I recall during the anti-Apartheid struggle years ago how many folks tried to help our brothers and sisters held down under that evil system by launching a divestment campaign here in the States. I will never forget how, when we would talk to business folks about not selling Krugerrand or divesting a South African company from their portfolio, they would all say, “We believe in the cause,” yet many refused to divest or stop selling Krugerrand.
In essence, they didn’t believe in the cause, because they weren’t willing to even present our case to their bosses. And some just didn’t want to interrupt the flow of money-making.
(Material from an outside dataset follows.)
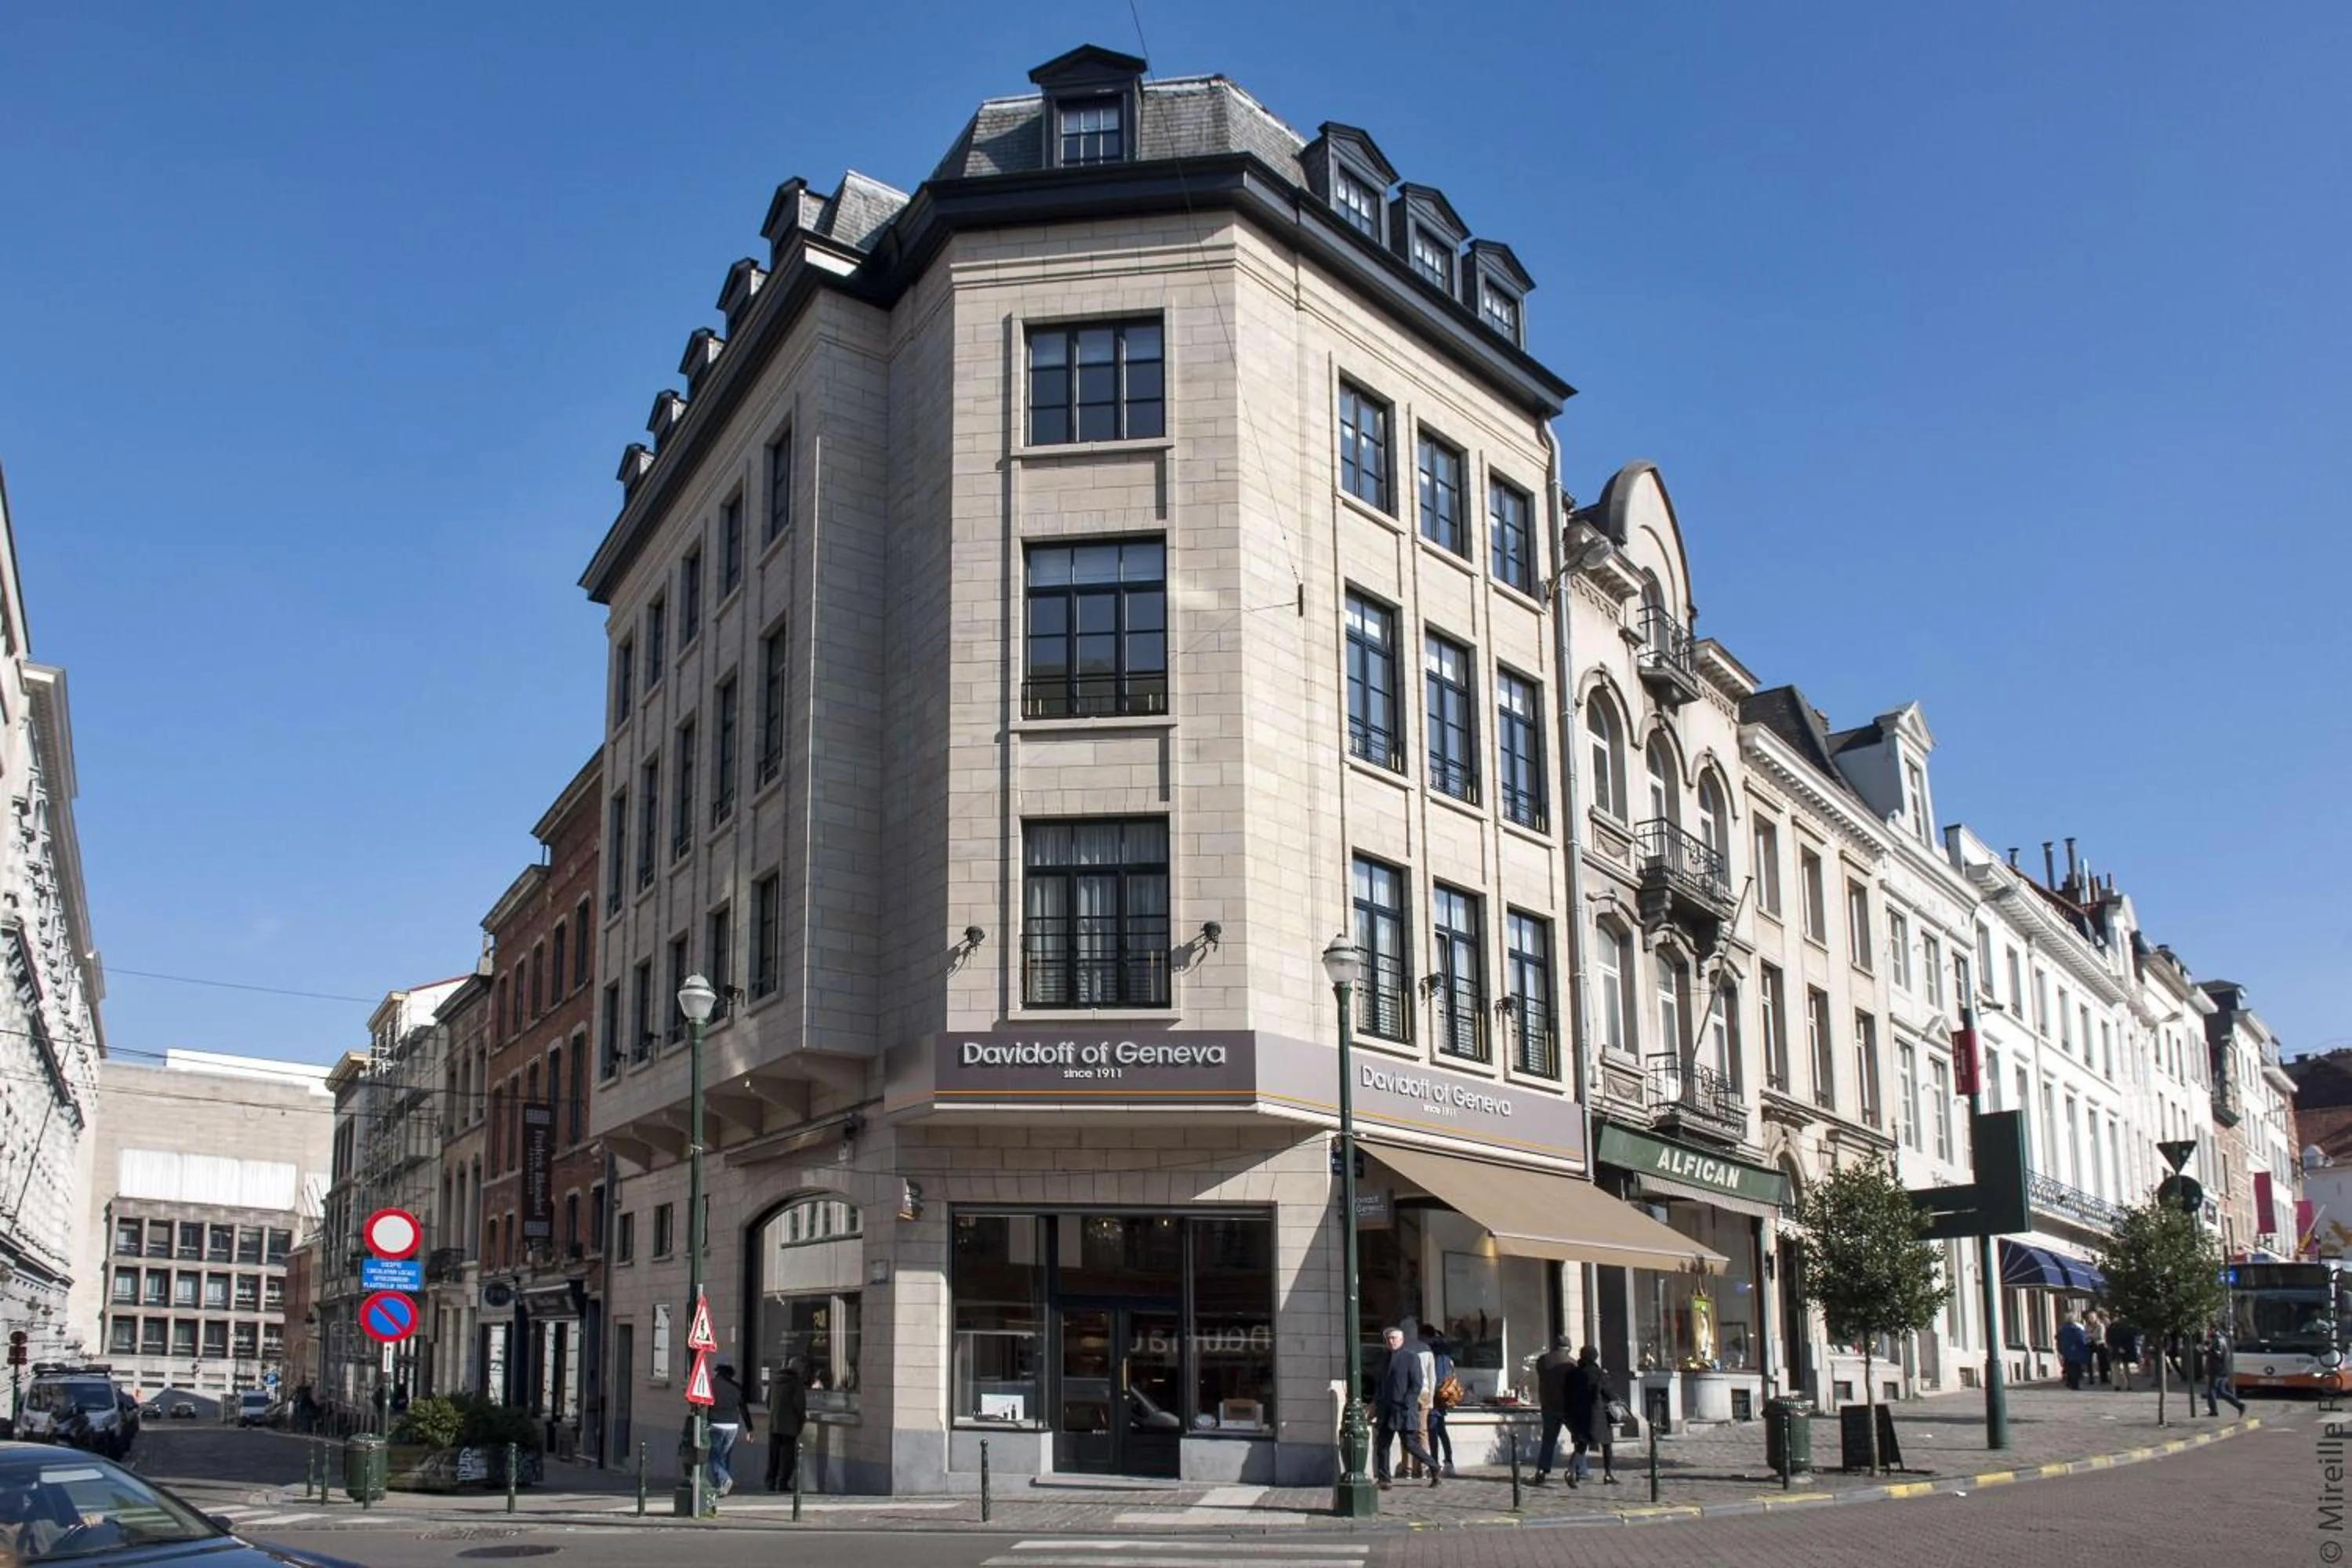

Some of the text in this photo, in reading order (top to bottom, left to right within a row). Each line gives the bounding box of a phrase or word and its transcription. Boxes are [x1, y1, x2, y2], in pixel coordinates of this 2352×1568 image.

I recently experienced a few instances where folks gave lip service to a cause, but when confronted with an opportunity to actually do something for the cause they chose to hold onto a personal grievance. And that’s probably why things will likely remain the same in our lifetimes, because no one is willing to make any sacrifices. They think it’s more important to place their perceived slight or personal grievance above the needs of another human being.
In one instance, a homeowner was trying to hold on to her house. The bank assigned a woman of color to look into whether the homeowner was a good candidate for a loan modification. The agent was quite helpful to the homeowner, working diligently on her behalf. But when the woman found out that the homeowner appeared to have inadvertently tied her bank to a negative occurrence at her house, the woman of color gave up on the case and stopped helping the homeowner.
I understand how many can side with the woman whose company seemed to be unfairly smeared by an incident that had nothing to do with the bank. The company agent could take offense because her company had been smeared. Or she could have overlooked the unintended slight and continued to help the homeowner, who ironically had already been misled and wrongly foreclosed upon by the bank.
Let me be clear: The agent has every right to disassociate herself from the case and maybe even feel offended on behalf of her company. But she will have no right when the day of reckoning comes — which it surely will — to complain, as the homeowner does, about a courtesy that could have been but was not extended to her.
My point is that you can always do the right thing!
Recently in the Twin Cites a group of young, spirited activists tried to make the point that housing is a right and tried to put some displaced folks into housing. They messed it up badly. They took over a house that had indeed been abandoned. The poor homeowner had been pushed out by one of the big banks and had pulled up stakes.
The activists thought the abandoned house would be a good place to put abandoned people who lacked shelter. Unfortunately, though the homeowner had clearly abandoned the house and was living elsewhere, she still had an emotional attachment to the house and technically, because the redemption period had not lapsed, she still owned the property.
So she brought in the police and angrily denounced the young do-gooders, demanding that they leave the house that she is no longer living in. She did this while saying she believed in the cause, and that homeless folks should have a place to stay, but not in the house that she had abandoned, not in the house that she wasn’t living in any more, not in the house the bank put her out of!
Yes, you can always do the right thing!